Il 1939 è un anno di gloria, per le Canzoni della Fronda. Esce infatti “Maramao perchè sei morto“, con testo ad opera di Mario Panzeri: canzonetta allegra che si attira l’attenzione dei censori quando alcuni studenti affiggono alcuni versi della canzone ai piedi dell’erigendo monumento funebre del gerarca Costanzo Ciano, consuocero del Duce. Maramao come Ciano?: nulla, nel testo, lo lascia intendere apertamente: ma, si sa, la paranoia è abilissima a inventarsi strane connessioni… Connessioni che, in questo caso, potrebbero comunque esserci: il refrain ha infatti radici popolaresche molto remote e sovente a scherno dei potenti, tanto che lo usò pure il poeta romanesco Giuseppe Belli per “commemorare” la morte di Pio VIII! Un chiaro caso, dicono quelli bravi, di “eterogenesi dei fini”.

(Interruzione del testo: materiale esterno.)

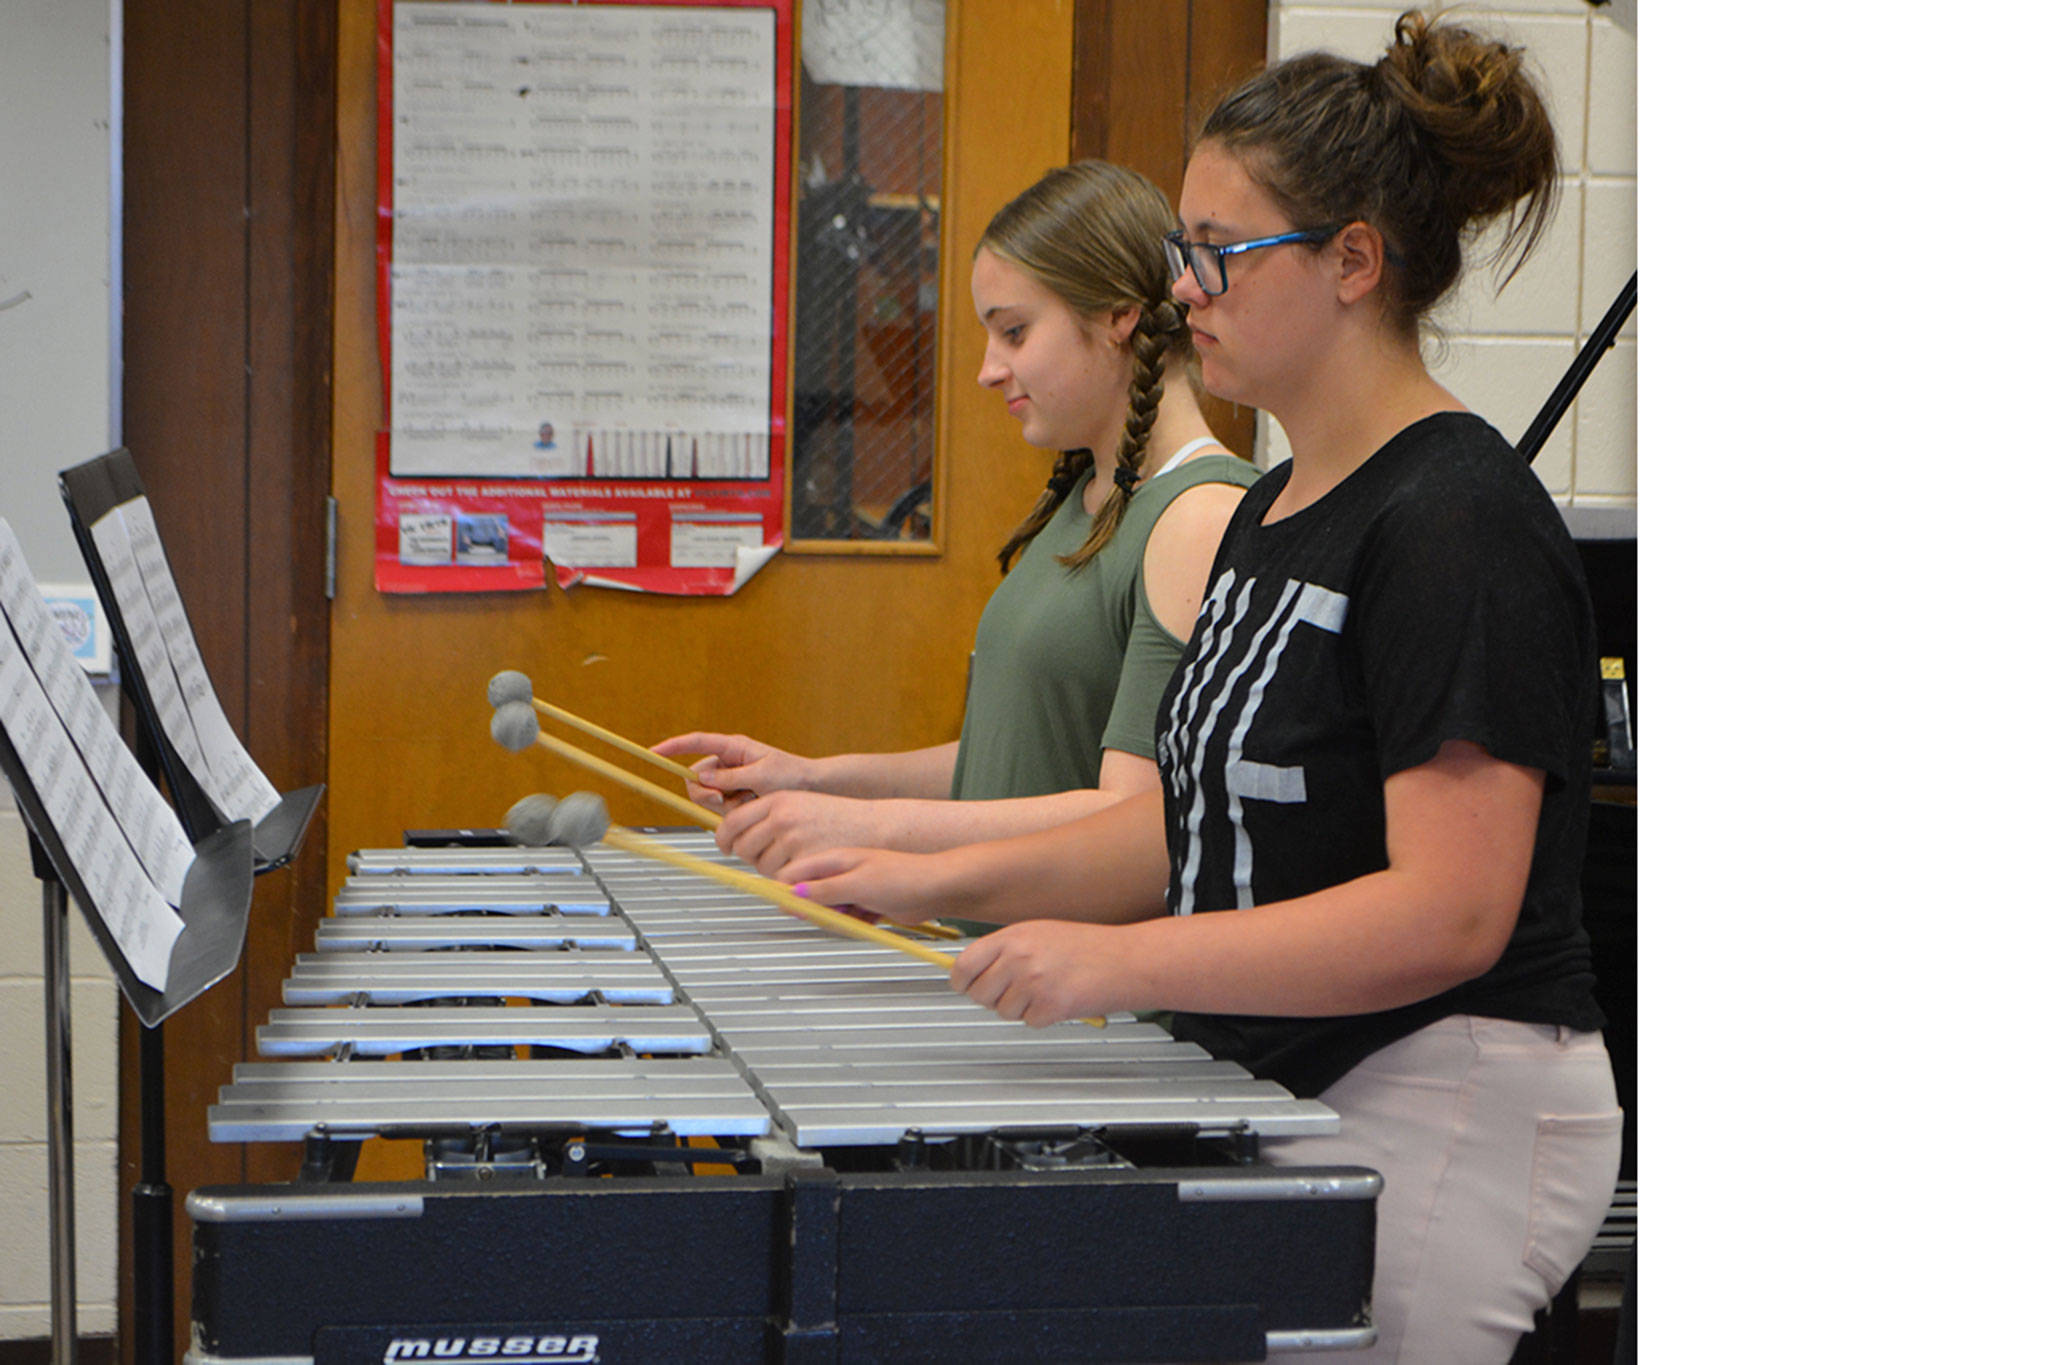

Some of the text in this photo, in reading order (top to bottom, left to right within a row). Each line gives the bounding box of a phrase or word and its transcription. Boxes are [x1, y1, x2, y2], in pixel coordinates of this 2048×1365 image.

Sempre nel ’39, e sempre dalla penna di Panzeri, esce uno dei capisaldi delle Canzoni della Fronda: “Pippo non lo sa“. Chi mai potrebbe essere, sospettano i censori, il “Pippo” che “quando passa ride tutta la città“, e che “si crede bello come un Apollo, e saltella come un pollo“, se non il gerarca Achille Starace, famoso per le divise gallonate, il portamento impettito e la prosopopea al limite del ridicolo? Quello stesso Starace che fu l’ideatore della “fascistizzazione” delle genti, con tanto di “sabato fascista”, “saluto romano”, il “voi” e le follie linguistiche di cui ho parlato nel primo post. Se persino il censore sospettò una sovrapposizione fra il buffo Pippo e il tronfio gerarca, è perché evidentemente tanto rispettato Starace non era: tanto che persino Mussolini, a un certo punto, lo mise da parte. E invece, di nuovo, no: Panzeri, anni dopo, conferma Pippo non era lui, ma il maestro musicale Pippo Barzizza, con cui Kramer aveva avuto un diverbio!
Ultimo, ma chiarissimo, caso di Canzone della Fronda, è la popolare marcetta “Il tamburo della banda d’Affori” (1942), con testo di… Panzeri, il gran birichino! Le allusioni, questa volta, sono chiarissime: “la banda d’Affori […] cinquecento cinquanta pifferi” rievoca, in modo palese, i 550 componenti della Camera dei Fasci: il suo Duce è “il tamburo principale” il capobanda che ha “i bottoni d’or, che rubacuor!” ma che, grezzo come pochi, “confonde il Trovator con la Semiramide“; e il corteo “coi bastoni a penzolon” richiama le squadracce armate di manganello.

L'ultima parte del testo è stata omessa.